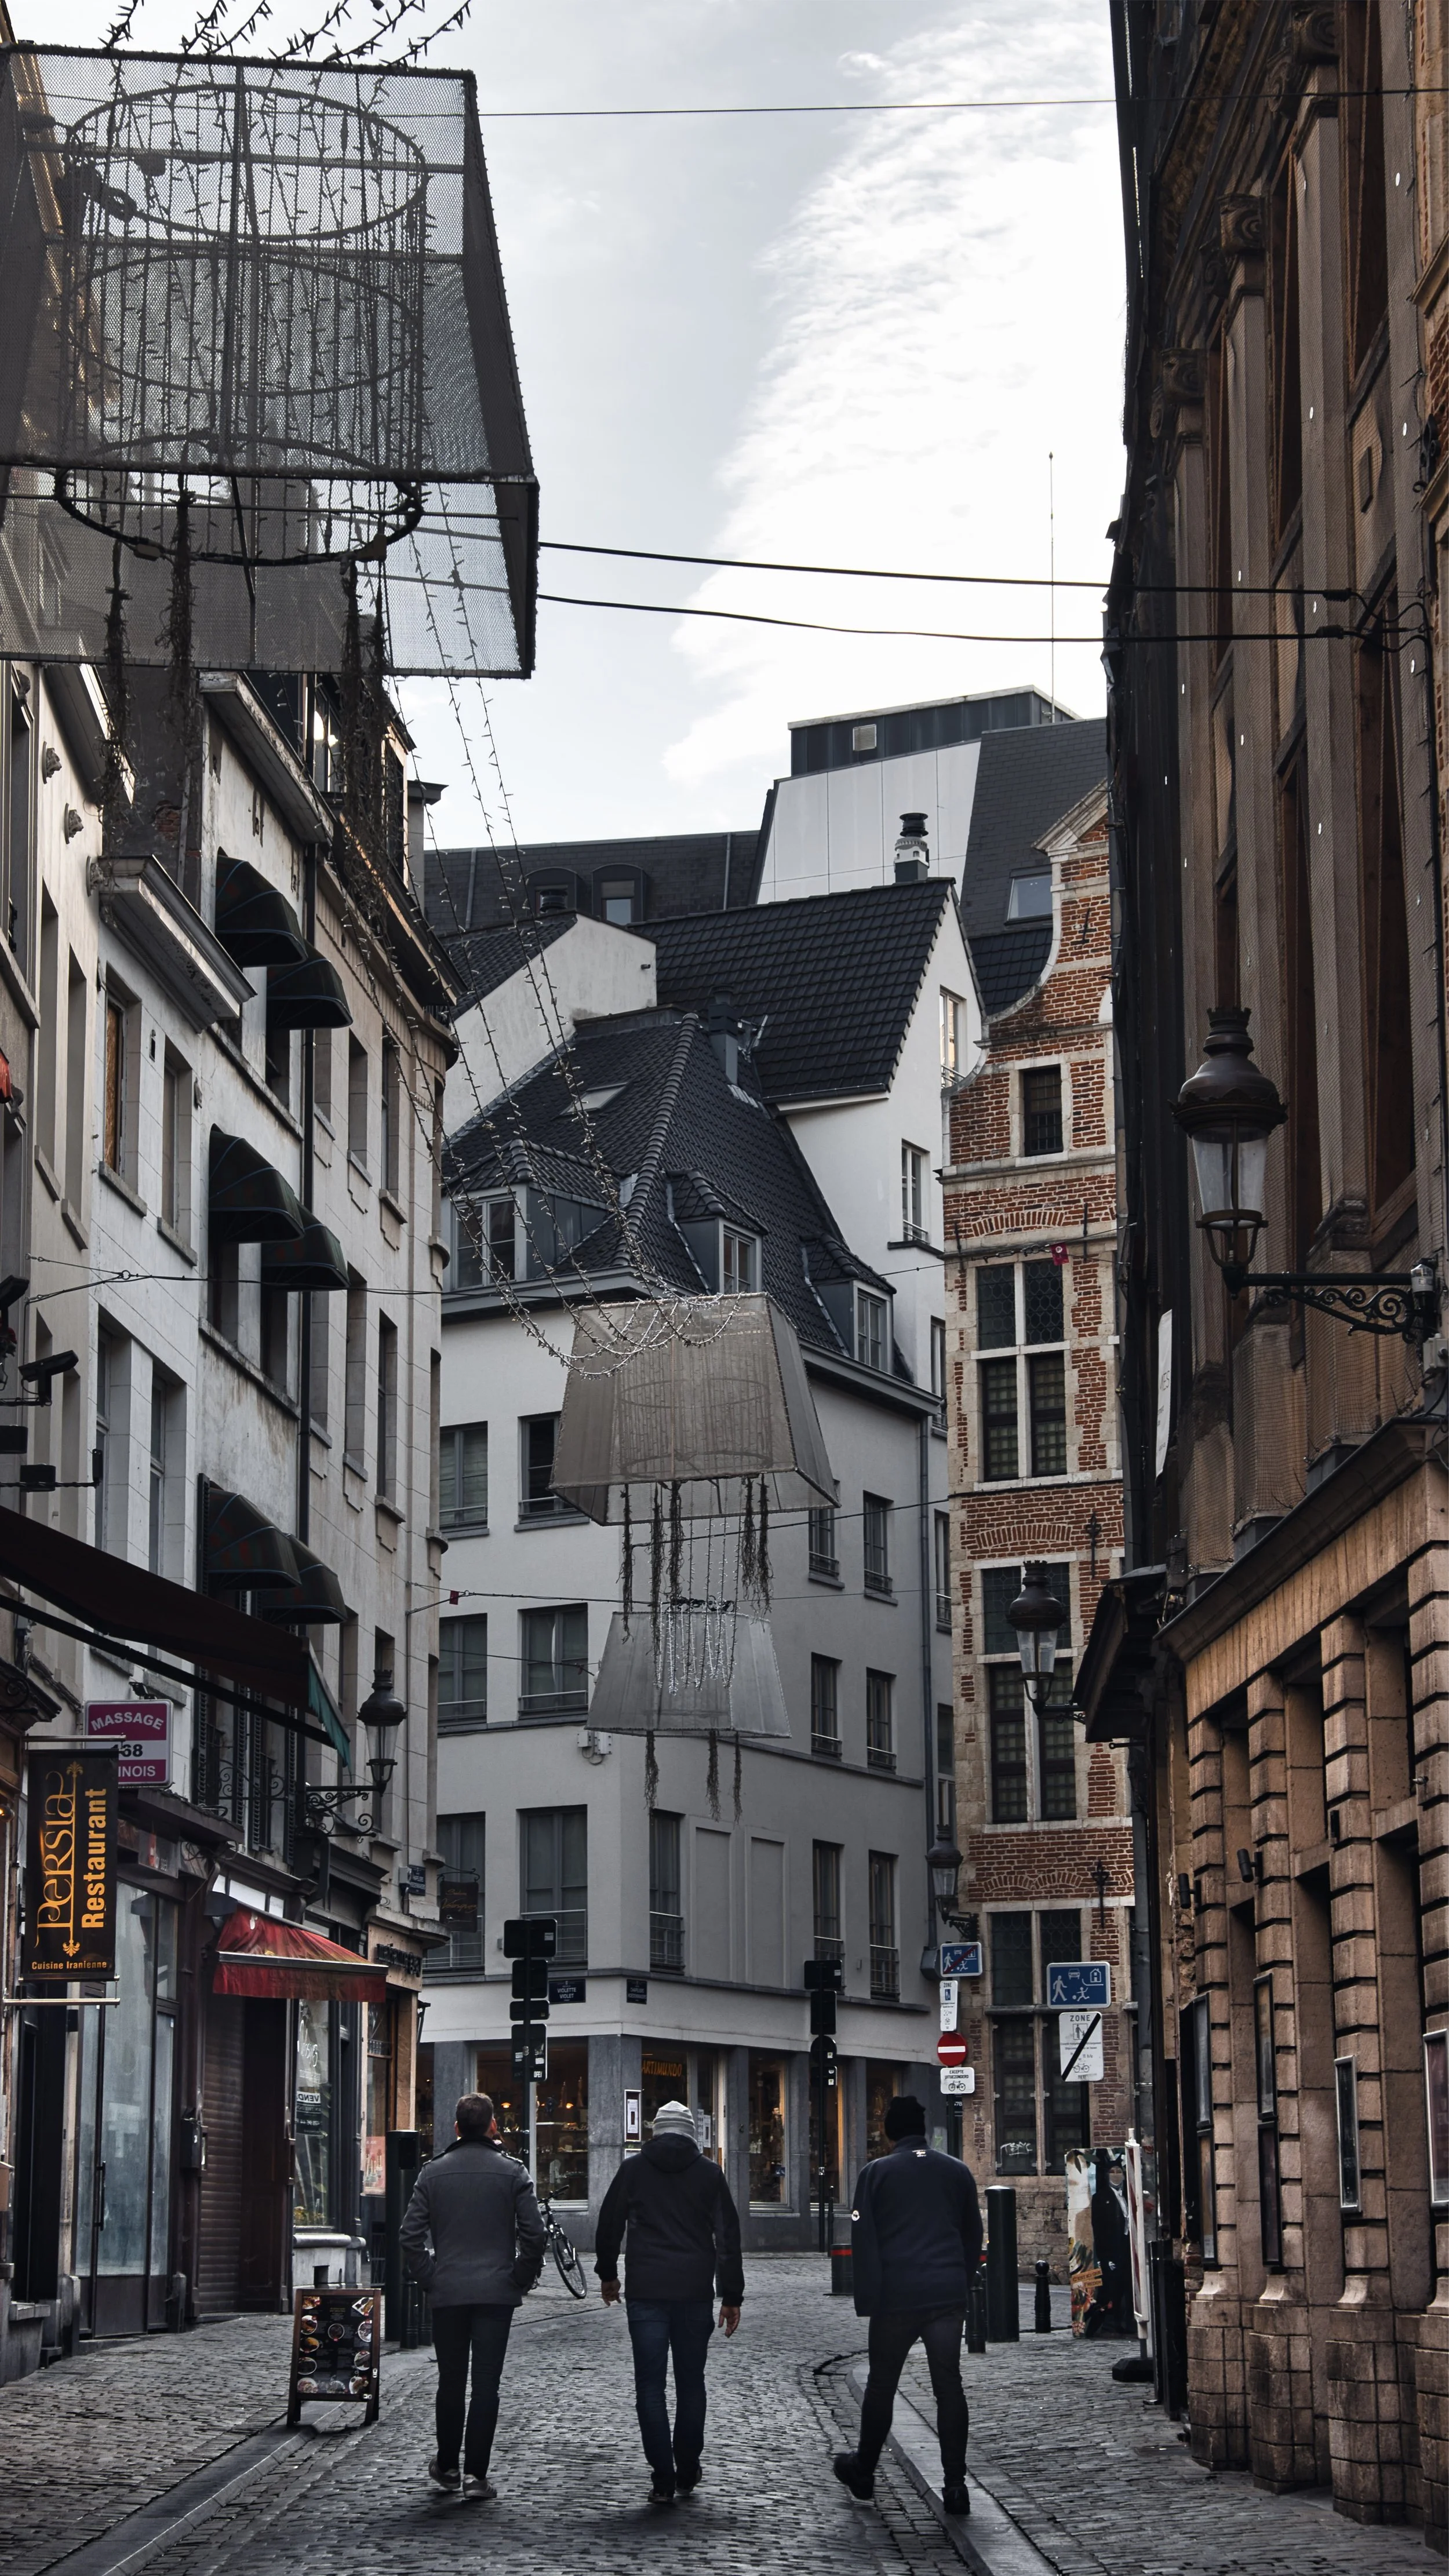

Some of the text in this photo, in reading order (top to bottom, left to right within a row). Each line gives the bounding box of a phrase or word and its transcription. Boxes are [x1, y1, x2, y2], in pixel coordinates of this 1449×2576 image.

* * *

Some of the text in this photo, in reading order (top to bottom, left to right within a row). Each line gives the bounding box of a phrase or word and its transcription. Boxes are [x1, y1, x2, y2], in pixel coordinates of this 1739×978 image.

---

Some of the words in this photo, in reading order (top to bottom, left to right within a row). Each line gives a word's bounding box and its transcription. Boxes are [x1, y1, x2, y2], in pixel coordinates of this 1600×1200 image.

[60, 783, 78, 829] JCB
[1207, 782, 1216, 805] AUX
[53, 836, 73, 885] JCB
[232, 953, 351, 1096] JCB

**Exercise aim:** Please report how many lines in the records above contain the word "text", and give nothing but the number.

**Your response:** 2